[Available data]

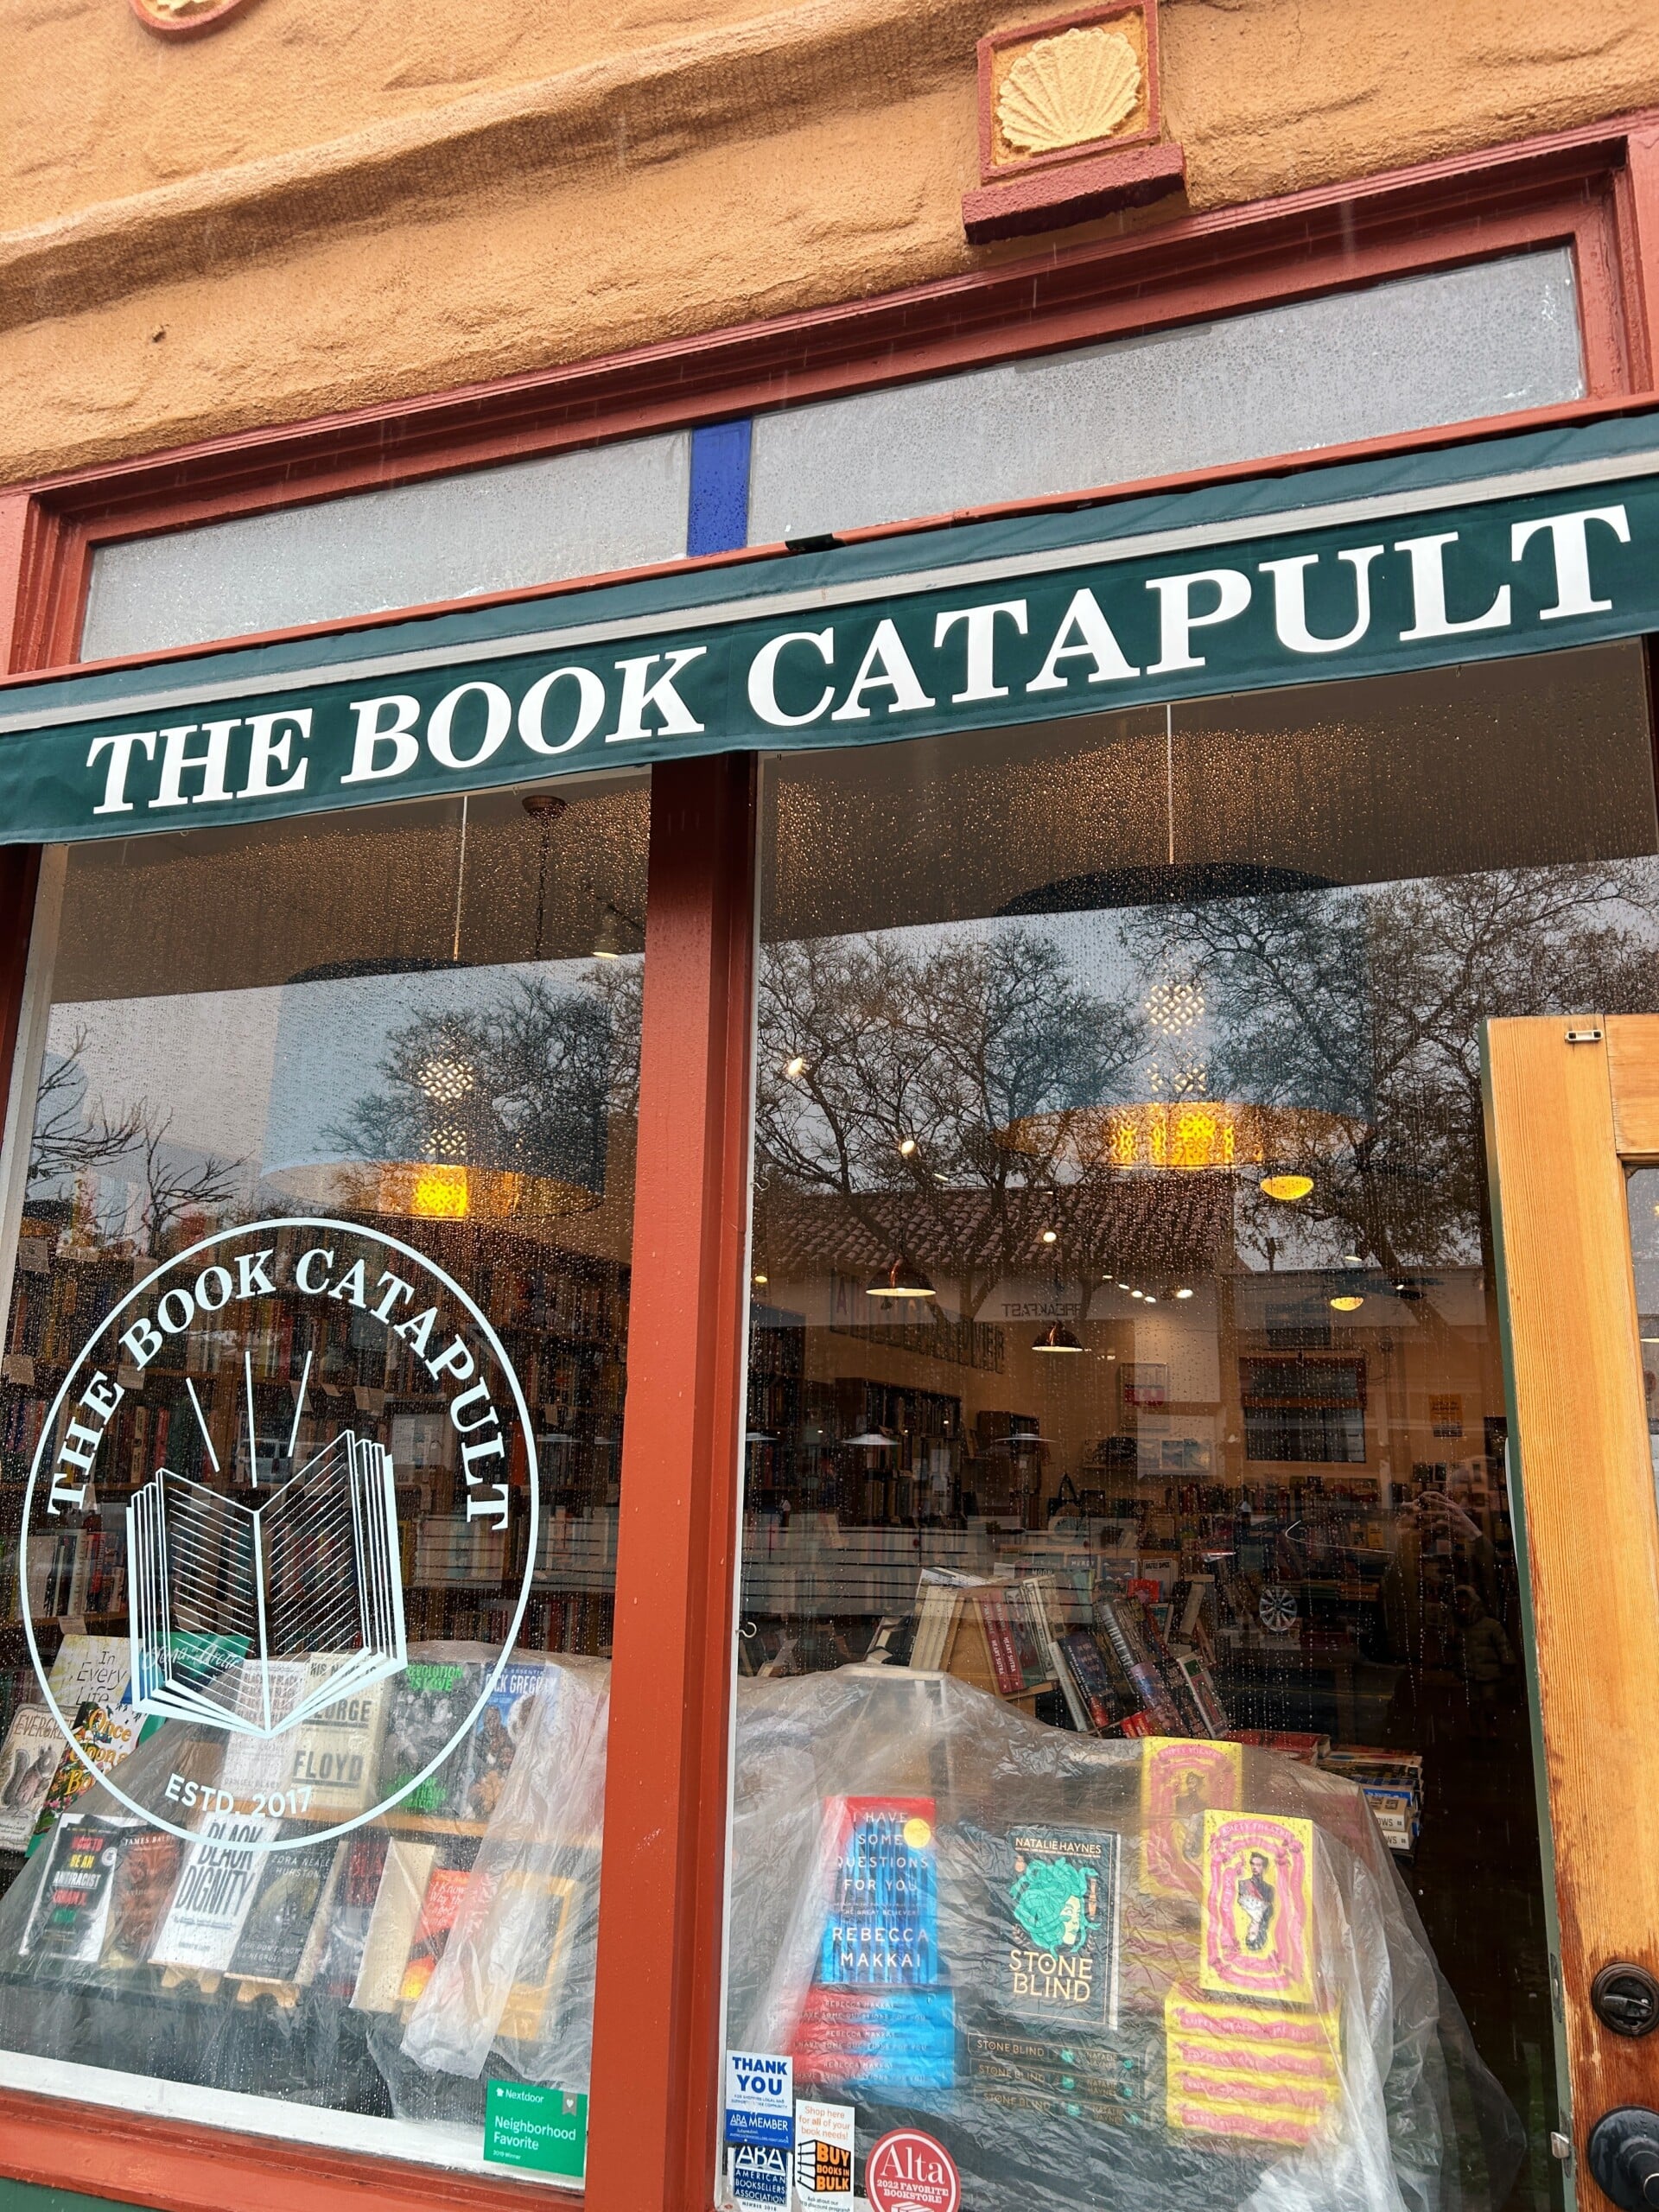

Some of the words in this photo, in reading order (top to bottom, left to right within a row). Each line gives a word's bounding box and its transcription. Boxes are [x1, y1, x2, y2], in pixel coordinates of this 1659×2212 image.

[86, 707, 314, 815] THE
[341, 646, 708, 785] BOOK
[747, 505, 1630, 728] CATAPULT
[48, 1371, 125, 1516] THE
[118, 1249, 278, 1371] BOOK
[296, 1249, 510, 1531] CATAPULT
[98, 1650, 117, 1665] In
[77, 1662, 127, 1691] Every
[486, 1674, 508, 1693] DCK
[75, 1686, 110, 1707] Life
[306, 1699, 372, 1723] EORGE
[13, 1714, 75, 1740] EVERGRE
[89, 1708, 132, 1742] Once
[293, 1750, 365, 1783] FLOYD
[164, 1772, 242, 1816] ESTD.
[251, 1785, 313, 1818] 2017
[865, 1812, 908, 1823] HAVE
[857, 1834, 904, 1846] SOME
[1015, 1837, 1058, 1851] NATALIE
[1059, 1841, 1102, 1854] HAYNES
[836, 1856, 929, 1868] QUESTIONS
[174, 1864, 257, 1917] DIGNITY
[843, 1878, 877, 1891] FOR
[886, 1878, 918, 1891] YOU
[832, 1928, 930, 1943] REBECCA
[840, 1953, 921, 1967] MAKKAI
[1008, 1948, 1093, 1980] STONE
[1013, 1972, 1091, 2003] BLIND
[976, 2039, 1010, 2053] STONE
[1013, 2044, 1045, 2057] BLIND
[732, 2056, 788, 2075] THANK
[736, 2074, 783, 2095] YOU
[505, 2088, 544, 2103] Nextdoor
[730, 2113, 747, 2126] ABA
[748, 2117, 788, 2132] MEMBER
[799, 2114, 810, 2125] for
[811, 2116, 821, 2126] all
[823, 2117, 832, 2127] of
[832, 2120, 851, 2131] your
[804, 2106, 825, 2120] Shop
[827, 2107, 845, 2119] here
[494, 2114, 576, 2141] Neighborhood
[801, 2125, 821, 2138] book
[823, 2128, 849, 2140] needs!
[493, 2131, 539, 2151] Favorite
[736, 2145, 785, 2172] ABA
[817, 2141, 850, 2167] BUY
[817, 2165, 842, 2177] BOOKS
[842, 2166, 849, 2177] IN
[880, 2144, 945, 2185] Alta
[734, 2178, 785, 2195] BOOKSELLERS
[735, 2170, 785, 2184] AMERICAN
[816, 2177, 849, 2191] BULK
[734, 2189, 785, 2204] ASSOCIATION
[877, 2178, 899, 2190] 2022
[899, 2182, 949, 2196] FAVORITE
[883, 2188, 943, 2204] BOOKSTORE

[Your instructions] What is the number of lines in the listing that hold the word "CATAPULT"? Say only that number.

[Your solution] 2